No livro, embora o foco seja sobre o poeta, ela optou por tratar Renato Russo como cancionista, inspirada pelo termo usado pelo linguista Luiz Tatit em um dos seus livros. Para Julliany, ele foi mais do que um poeta e sua obra "merece estar entre os cânones da música brasiliense e brasileira". Para chegar a essa constatação, a autora analisou 29 letras, de "um compositor que se preocupava muito com as palavras".
Julliany Mucury, que atualmente vive em Berlim, avalia que as canções representaram uma parte fundamental da vida de Renato Manfredini Jr. e o ajudaram a compreender melhor seu lugar no mundo, liberando um lado seu que até então era reprimido. "Por isso, as músicas de Renato o acompanham em sua transformação, falando de questões típicas de sua geração, atravessando a própria Legião Urbana, a partir da década de 1990", ressalta.

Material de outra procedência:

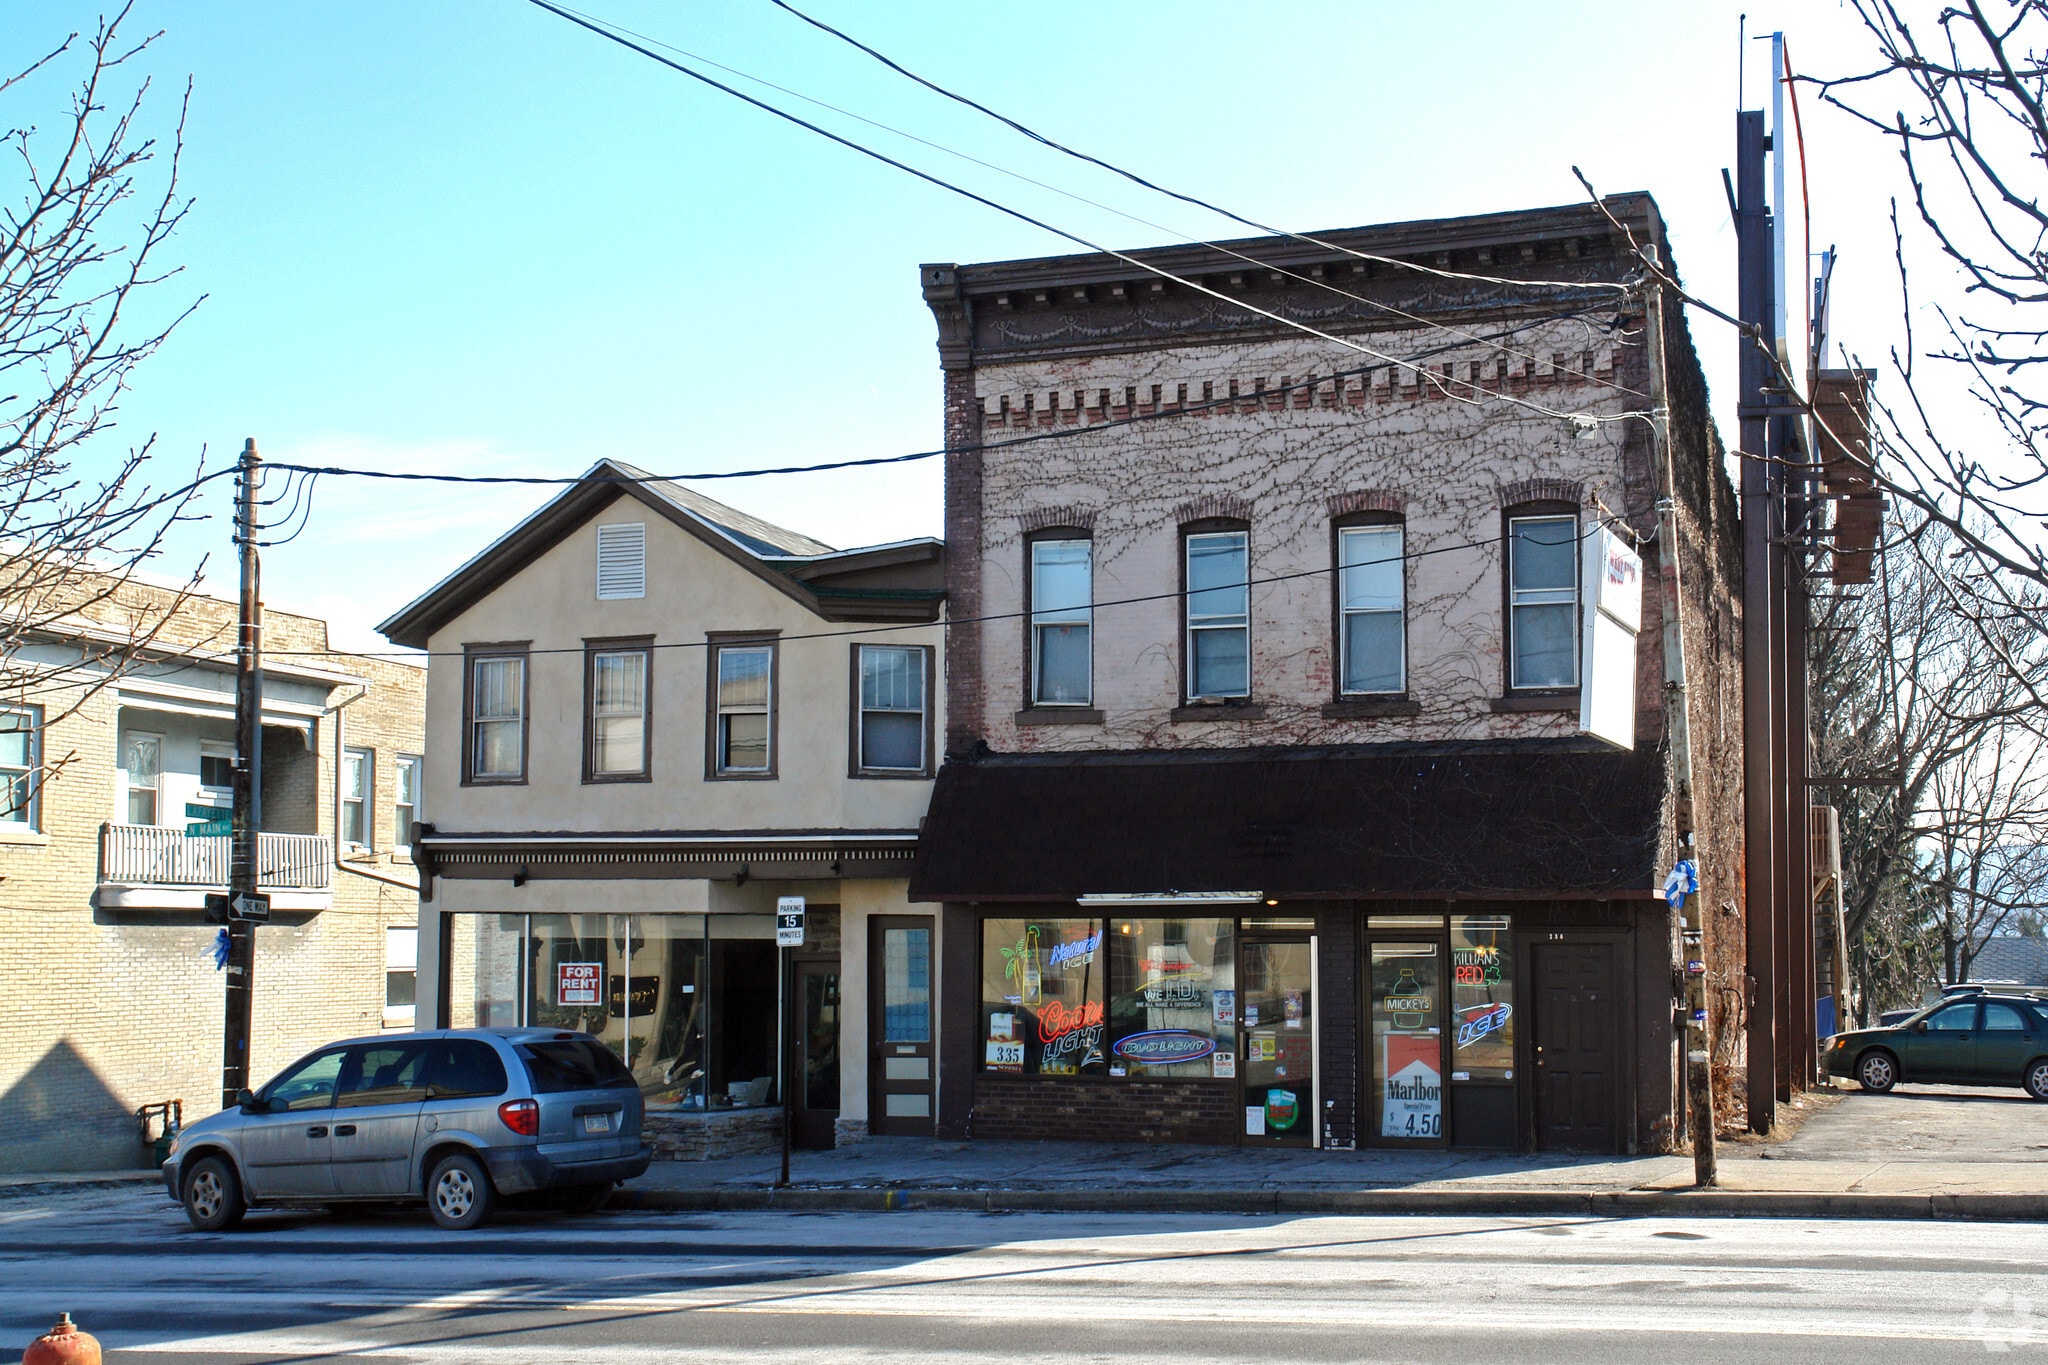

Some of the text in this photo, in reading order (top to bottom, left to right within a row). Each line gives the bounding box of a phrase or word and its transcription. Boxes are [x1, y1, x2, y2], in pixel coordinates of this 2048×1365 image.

[189, 824, 195, 836] N
[200, 823, 221, 835] MAIN
[243, 900, 267, 913] ONE WAY
[784, 915, 797, 928] 15
[779, 930, 802, 939] MINUTES
[1050, 930, 1103, 965] Natural
[1063, 952, 1094, 970] ICE
[1454, 952, 1499, 966] KILLIAN'S
[566, 967, 593, 977] FOR
[1456, 965, 1484, 985] RED
[562, 978, 598, 989] RENT
[1144, 990, 1163, 1001] WE
[1458, 1008, 1508, 1043] ICE
[1042, 1024, 1104, 1063] LIGHT
[1122, 1041, 1205, 1053] BUD LIGHT
[997, 1047, 1019, 1063] 335
[1390, 1112, 1394, 1121] $
[1405, 1113, 1441, 1135] 4.50
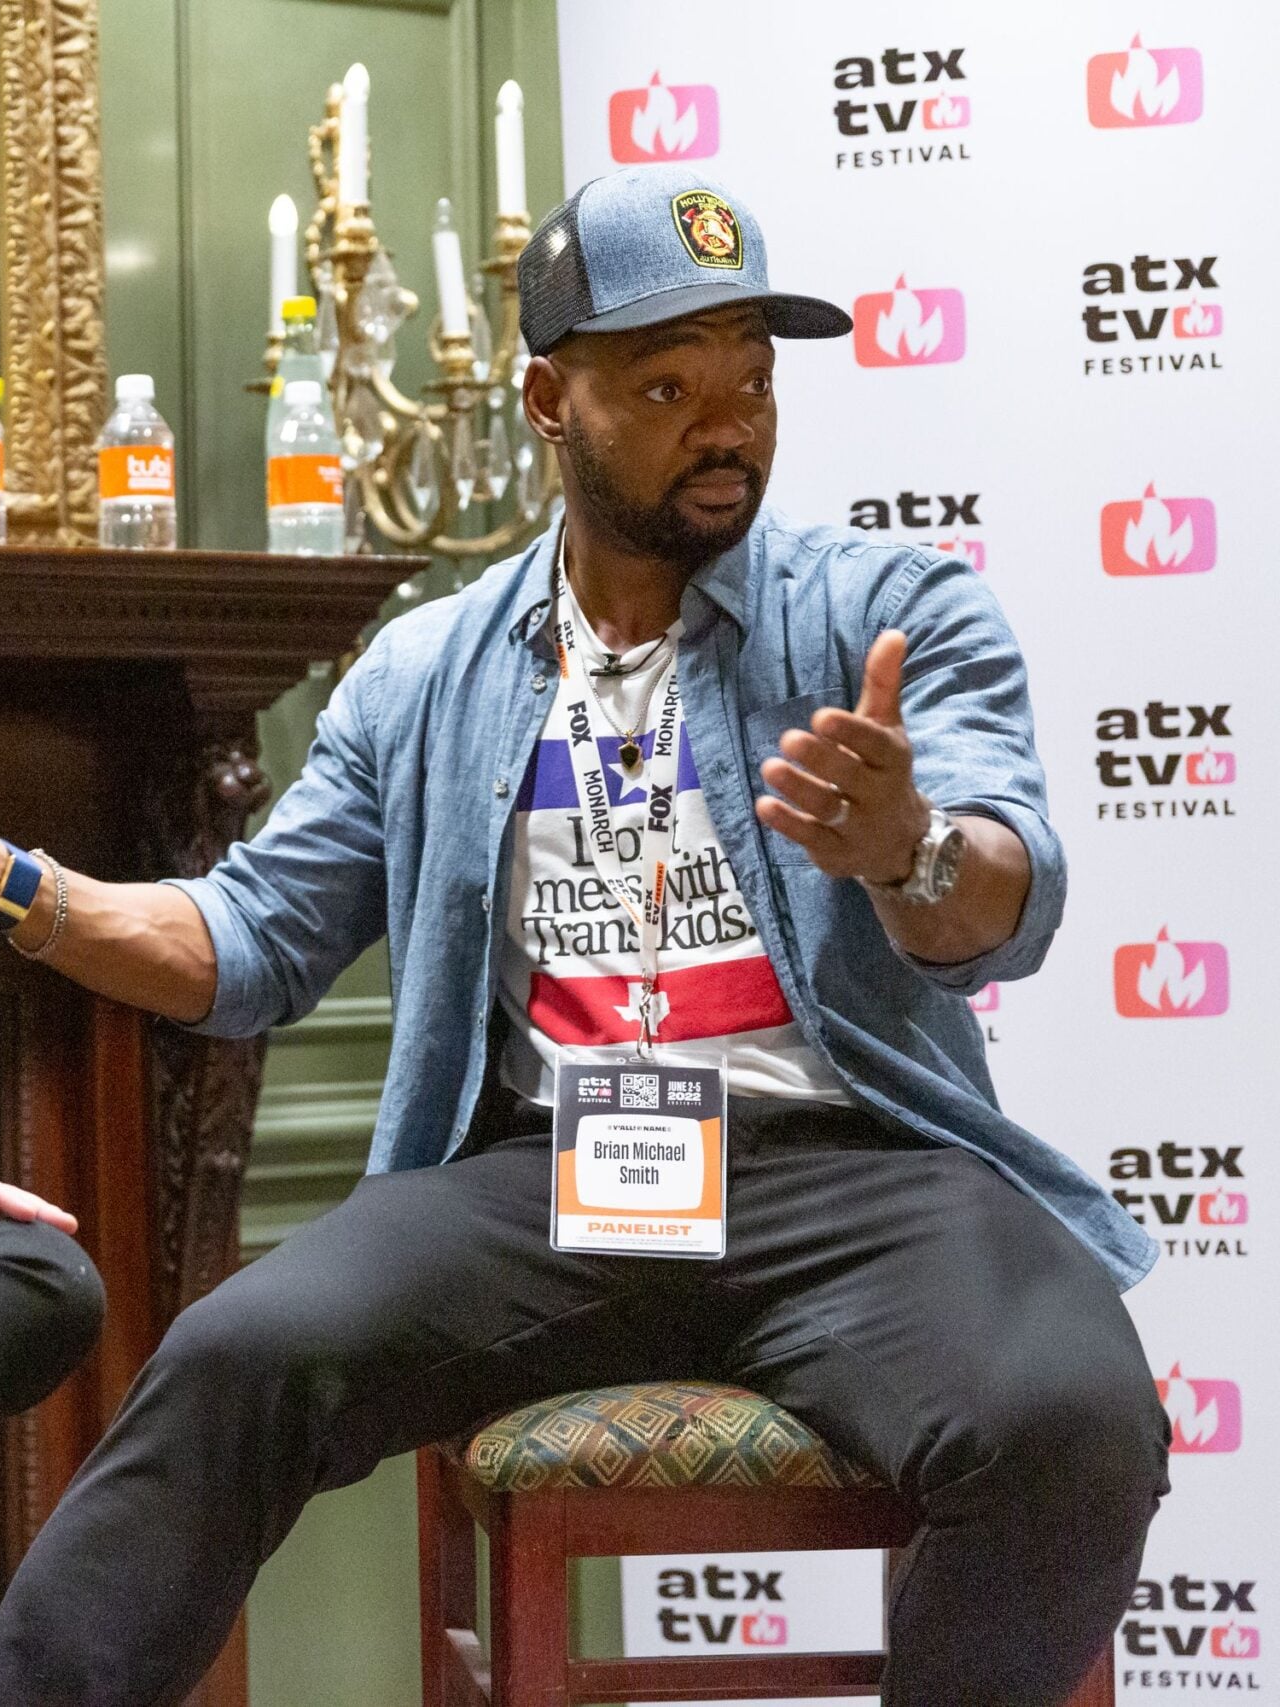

Dividido em cinco capítulos, o livro tem capa, em três cores, criada por Alex Moraes, brasiliense como a autora, que optou por ilustrá-la apenas com um par de óculos, semelhante ao que o artista usava. Para Julliany, o livro é um presente aos fãs do poeta, "mas também uma oportunidade para que novas gerações de amantes da música brasileira possam conhecer o seu legado".
Entrevista
Julliany Mucury
Em que fase de sua vida ouviu pela primeira vez músicas de Renato Russo?
Ouvir mesmo e prestando atenção foi na adolescência, ou seja, meados de 1994 adiante. O que foi ótimo, porque recuperei o que vinha antes já me aproximando do disco final da banda, Tempestade, de 1996.
Por que decidiu escrever sua tese de doutorado na UnB sobre a faceta poética do compositor?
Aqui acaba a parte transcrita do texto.